(Referring expression grounding data)
---

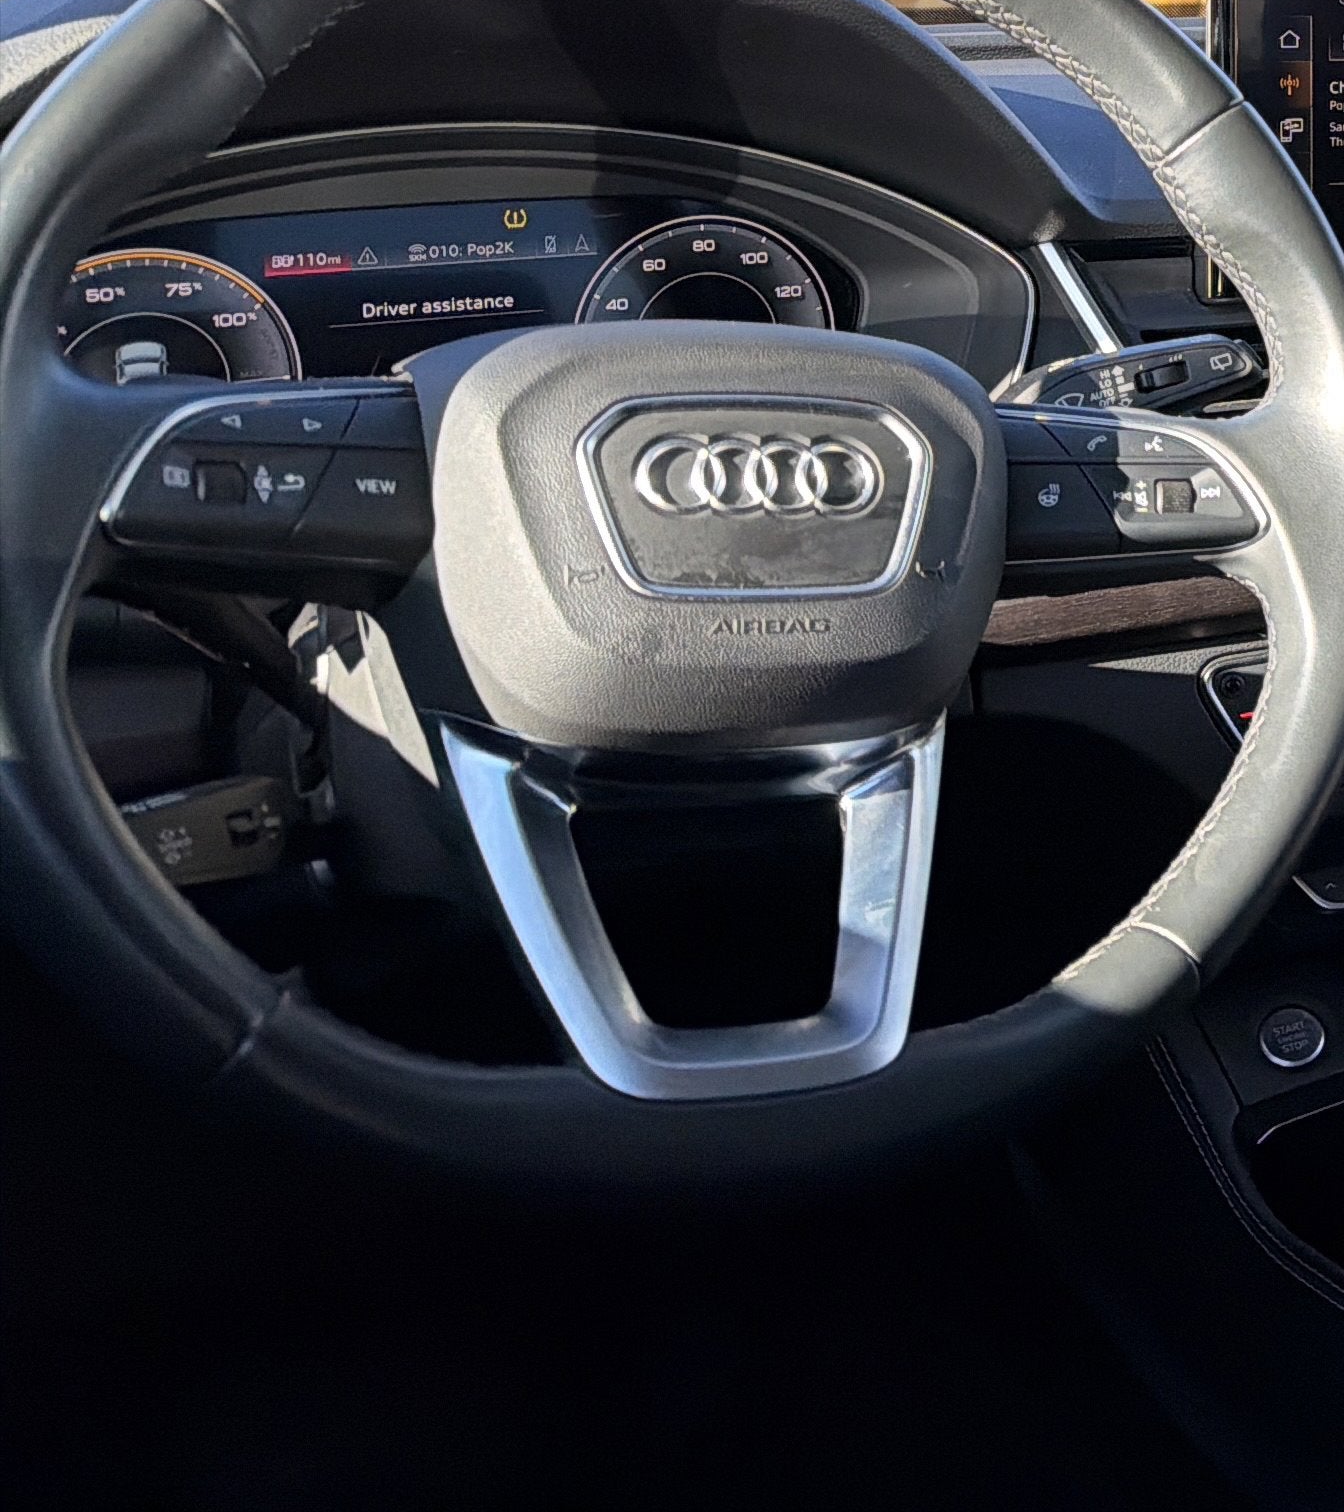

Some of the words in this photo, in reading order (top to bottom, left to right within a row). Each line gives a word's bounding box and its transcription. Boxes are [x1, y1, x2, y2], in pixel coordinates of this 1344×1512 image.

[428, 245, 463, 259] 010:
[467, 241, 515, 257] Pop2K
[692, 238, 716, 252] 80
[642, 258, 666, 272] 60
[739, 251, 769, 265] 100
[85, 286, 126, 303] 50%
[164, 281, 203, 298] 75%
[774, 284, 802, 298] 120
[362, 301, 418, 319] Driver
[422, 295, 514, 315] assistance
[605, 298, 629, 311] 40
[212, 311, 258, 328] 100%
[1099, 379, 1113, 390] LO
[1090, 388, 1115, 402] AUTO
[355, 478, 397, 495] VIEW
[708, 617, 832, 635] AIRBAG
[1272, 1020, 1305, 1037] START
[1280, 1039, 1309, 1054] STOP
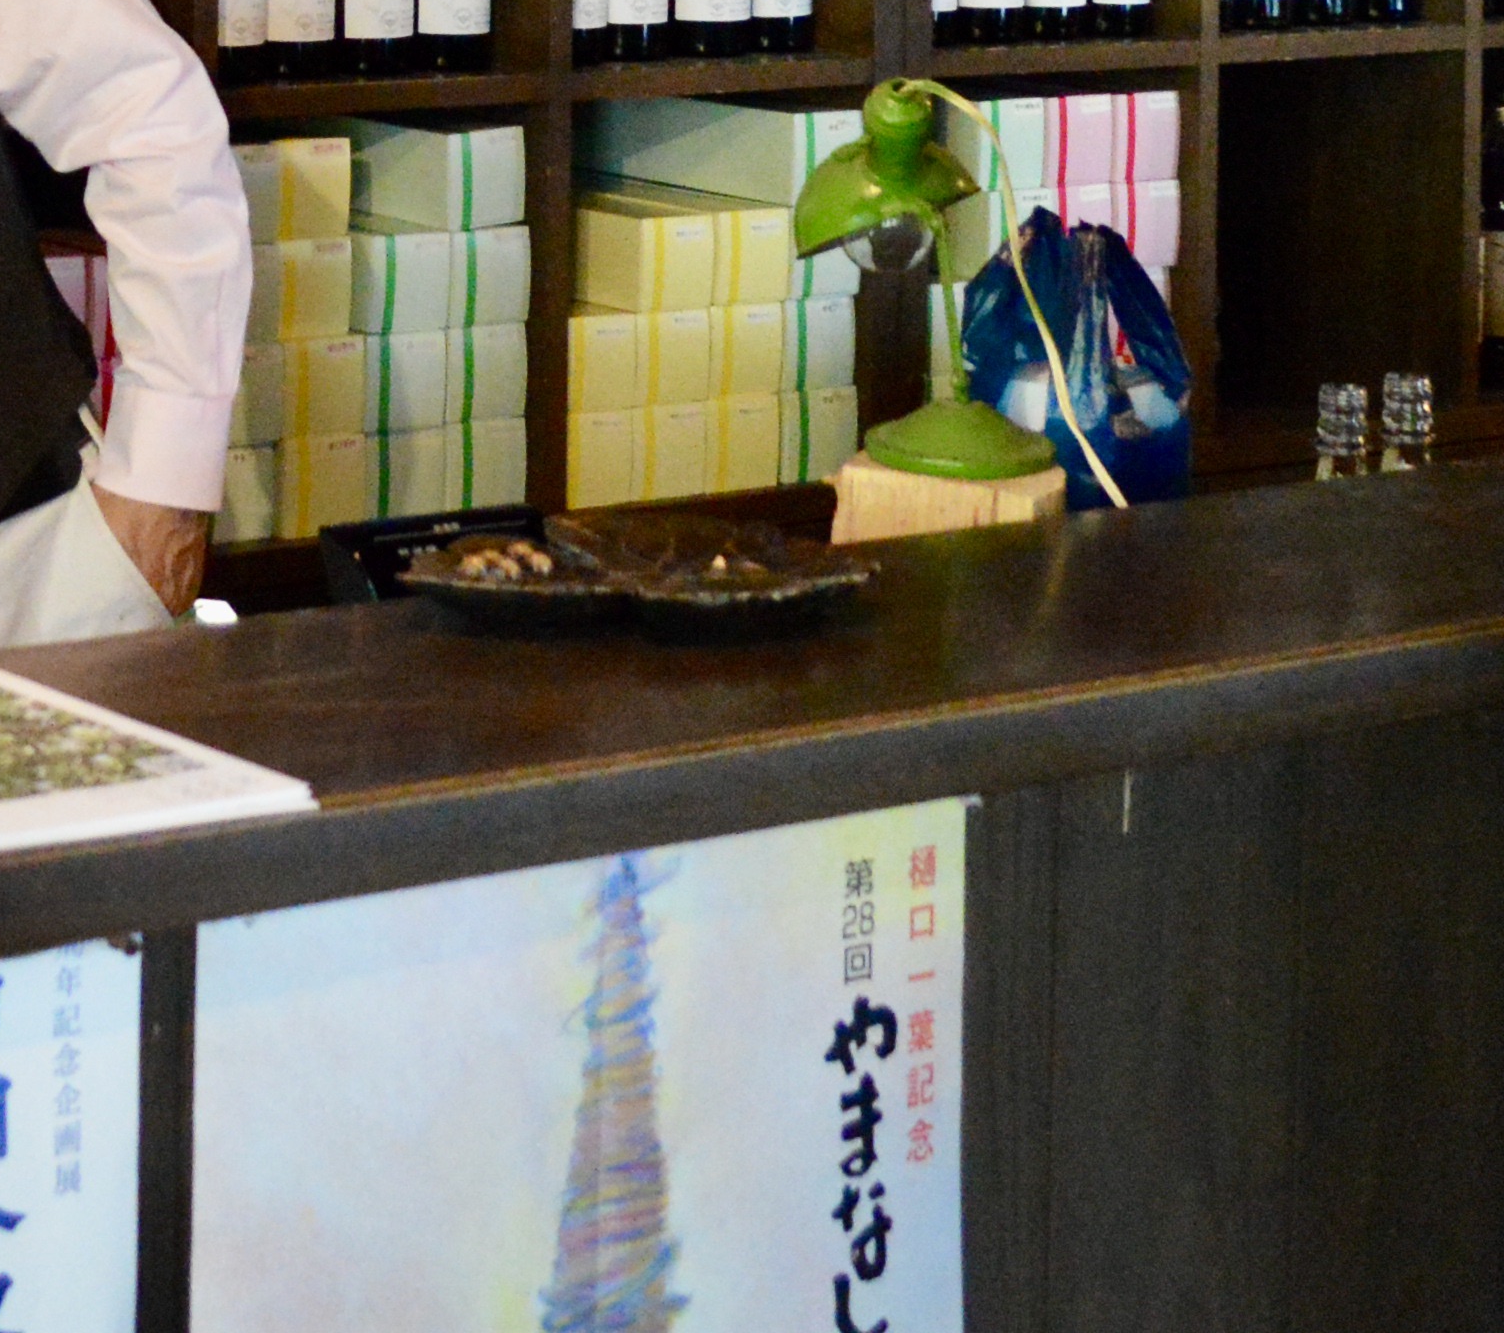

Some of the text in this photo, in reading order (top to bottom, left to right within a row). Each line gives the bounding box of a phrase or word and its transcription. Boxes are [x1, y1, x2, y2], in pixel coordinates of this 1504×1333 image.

---

The entries above must be restated exactly in the answer, and the pictures left out.

◆ EXERCISE RESPONSE:
Some of the words in this photo, in reading order (top to bottom, left to right within a row). Each line gives a word's bounding box and its transcription. Boxes are [x1, y1, x2, y2], in pixel coordinates of this 1344×1512 image.

[428, 245, 463, 259] 010:
[467, 241, 515, 257] Pop2K
[692, 238, 716, 252] 80
[642, 258, 666, 272] 60
[739, 251, 769, 265] 100
[85, 286, 126, 303] 50%
[164, 281, 203, 298] 75%
[774, 284, 802, 298] 120
[362, 301, 418, 319] Driver
[422, 295, 514, 315] assistance
[605, 298, 629, 311] 40
[212, 311, 258, 328] 100%
[1099, 379, 1113, 390] LO
[1090, 388, 1115, 402] AUTO
[355, 478, 397, 495] VIEW
[708, 617, 832, 635] AIRBAG
[1272, 1020, 1305, 1037] START
[1280, 1039, 1309, 1054] STOP

Some of the text in this photo, in reading order (top to bottom, left to right within a row). Each line gives the bounding box of a phrase or word and its transcription. Boxes are [x1, y1, x2, y2], in pixel coordinates of this 1504×1333 image.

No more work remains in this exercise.